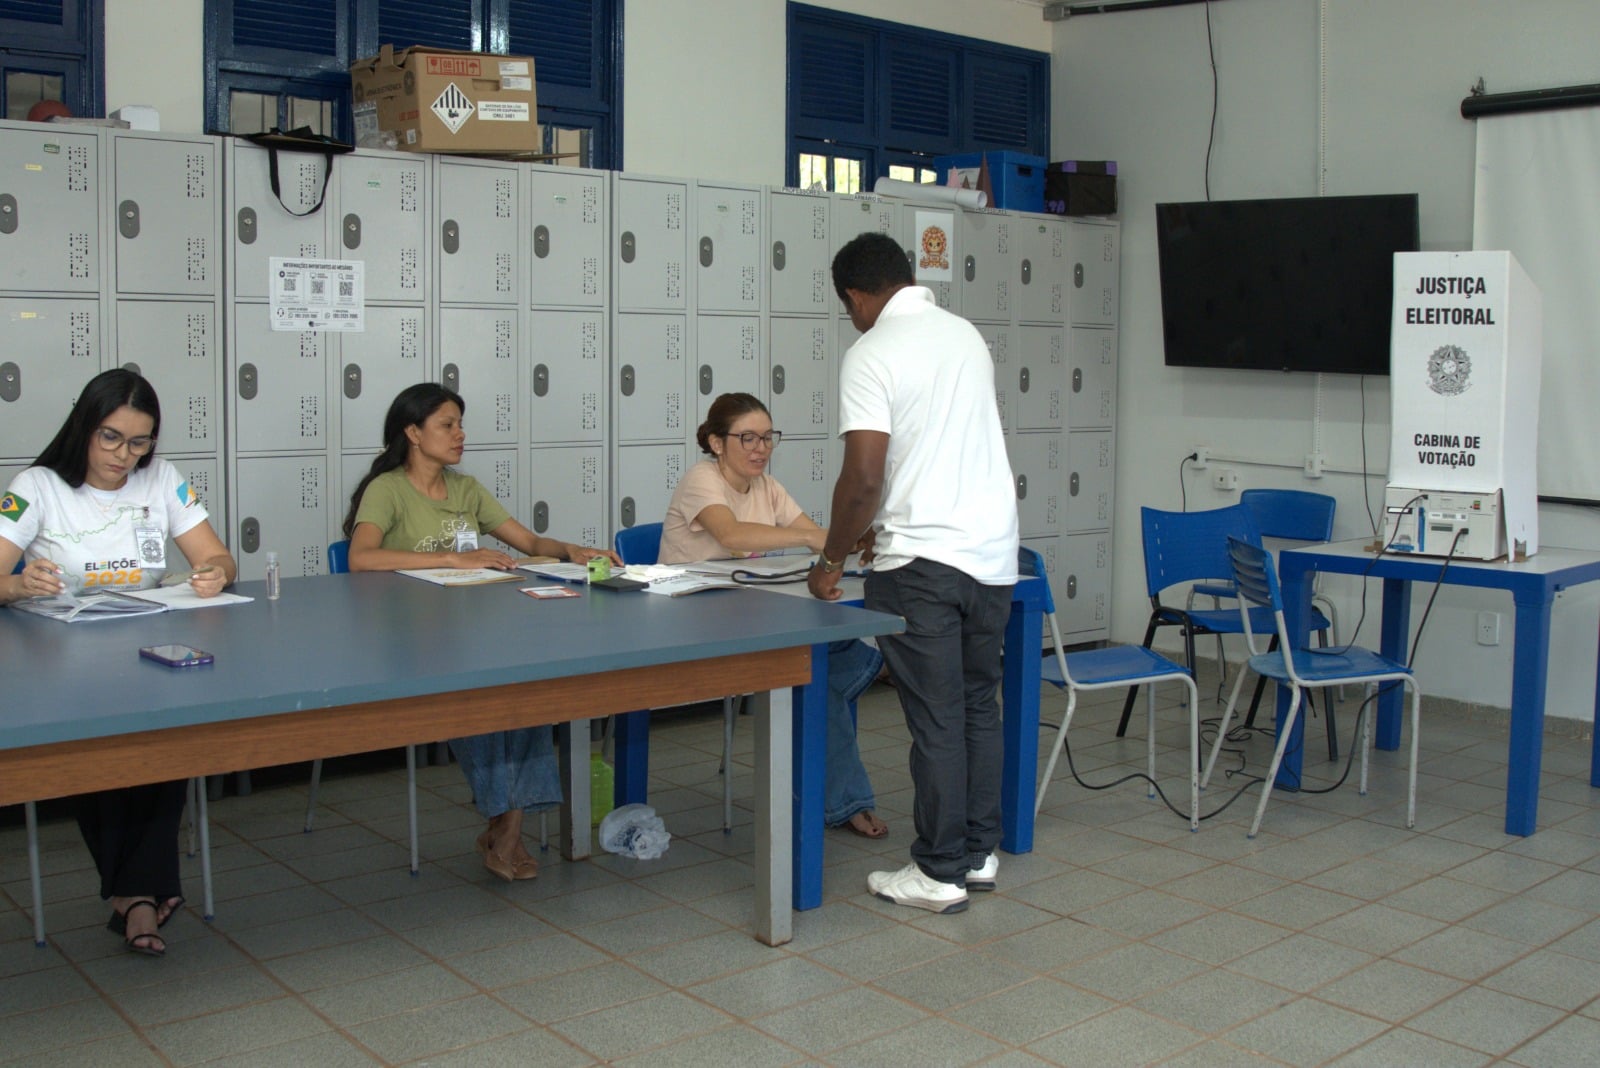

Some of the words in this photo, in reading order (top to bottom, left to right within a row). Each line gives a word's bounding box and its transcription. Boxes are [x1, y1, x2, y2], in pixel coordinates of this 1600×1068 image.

[1416, 277, 1486, 299] JUSTIÇA
[1406, 308, 1495, 325] ELEITORAL
[1414, 433, 1460, 448] CABINA
[1464, 436, 1480, 449] DE
[1418, 450, 1475, 469] VOTAÇÃO
[85, 557, 138, 571] ELEIÇÕE
[84, 568, 143, 588] 2026
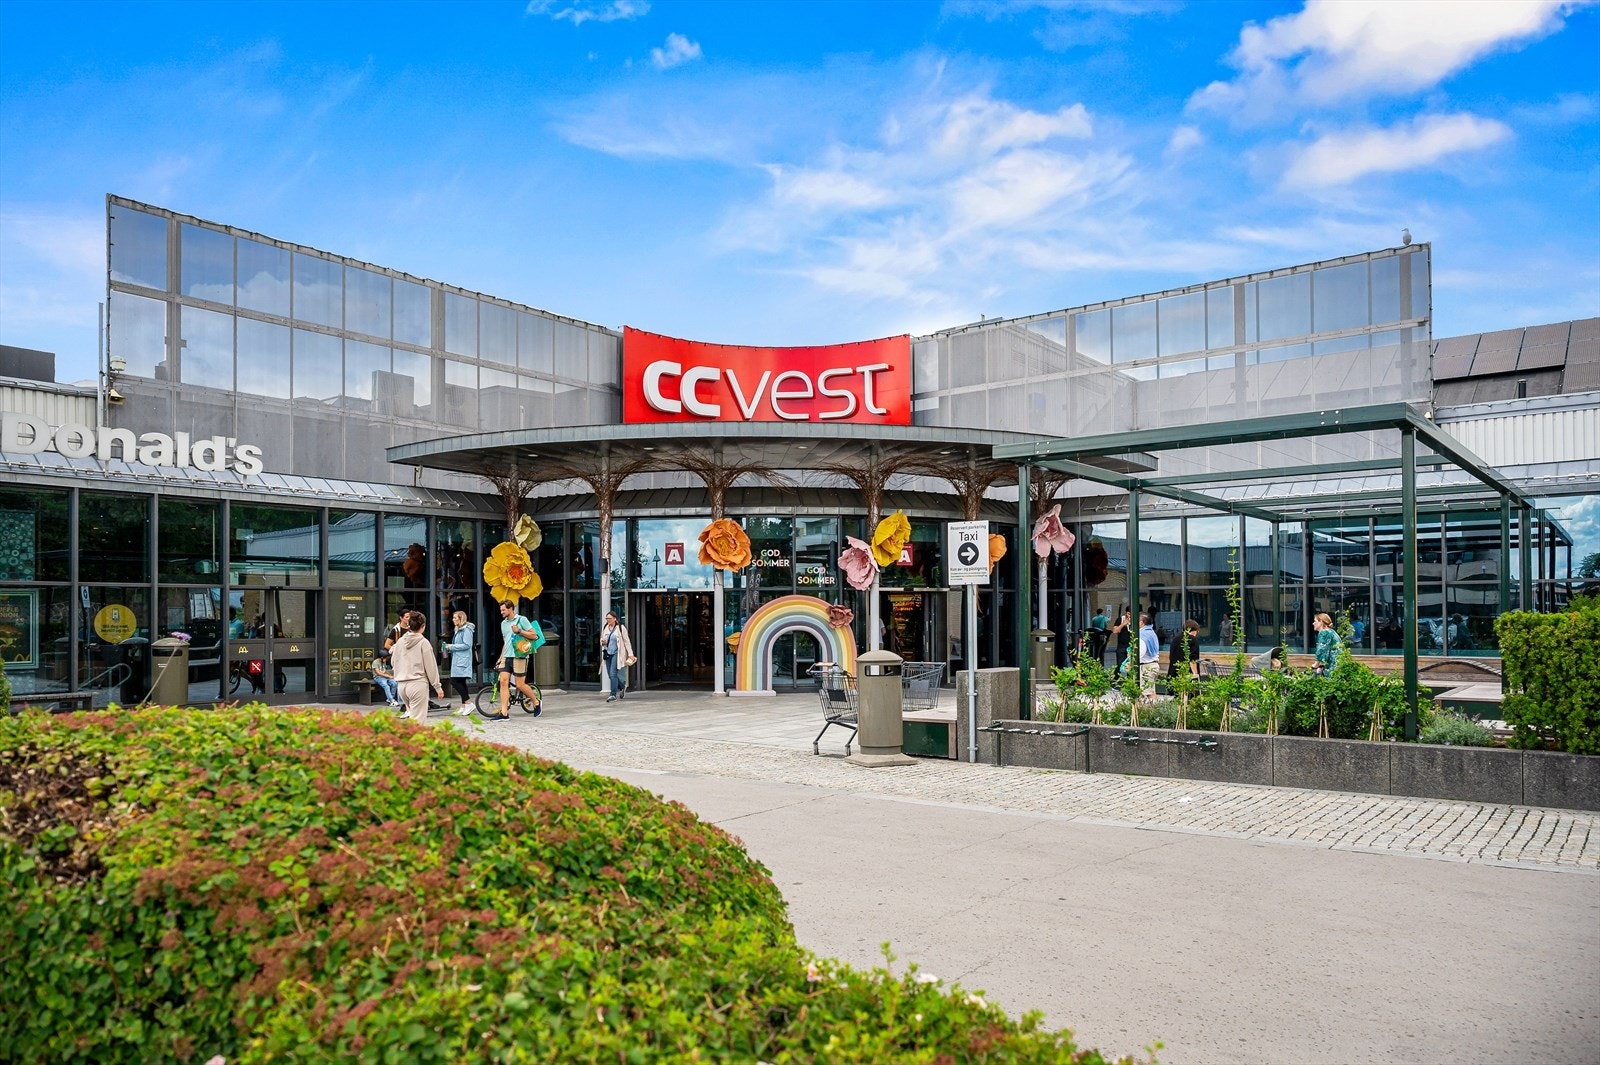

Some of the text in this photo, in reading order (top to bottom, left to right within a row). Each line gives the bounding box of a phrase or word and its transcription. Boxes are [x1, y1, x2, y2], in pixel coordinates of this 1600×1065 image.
* * * * *
### Work instruction
Output the entries exactly as they appear, with no pictures included.

### Final answer
Some of the words in this photo, in reading order (top to bottom, left to right within a row). Each line gives a word's bounding box and its transcription. Boxes are [x1, y1, x2, y2], in pixel coordinates of this 1600×1068 image.

[1416, 277, 1486, 299] JUSTIÇA
[1406, 308, 1495, 325] ELEITORAL
[1414, 433, 1460, 448] CABINA
[1464, 436, 1480, 449] DE
[1418, 450, 1475, 469] VOTAÇÃO
[85, 557, 138, 571] ELEIÇÕE
[84, 568, 143, 588] 2026

Some of the text in this photo, in reading order (top to bottom, left to right within a row). Each line gives the bounding box of a phrase or word and its transcription. Boxes are [x1, y1, x2, y2], in pixel coordinates of this 1600×1065 image.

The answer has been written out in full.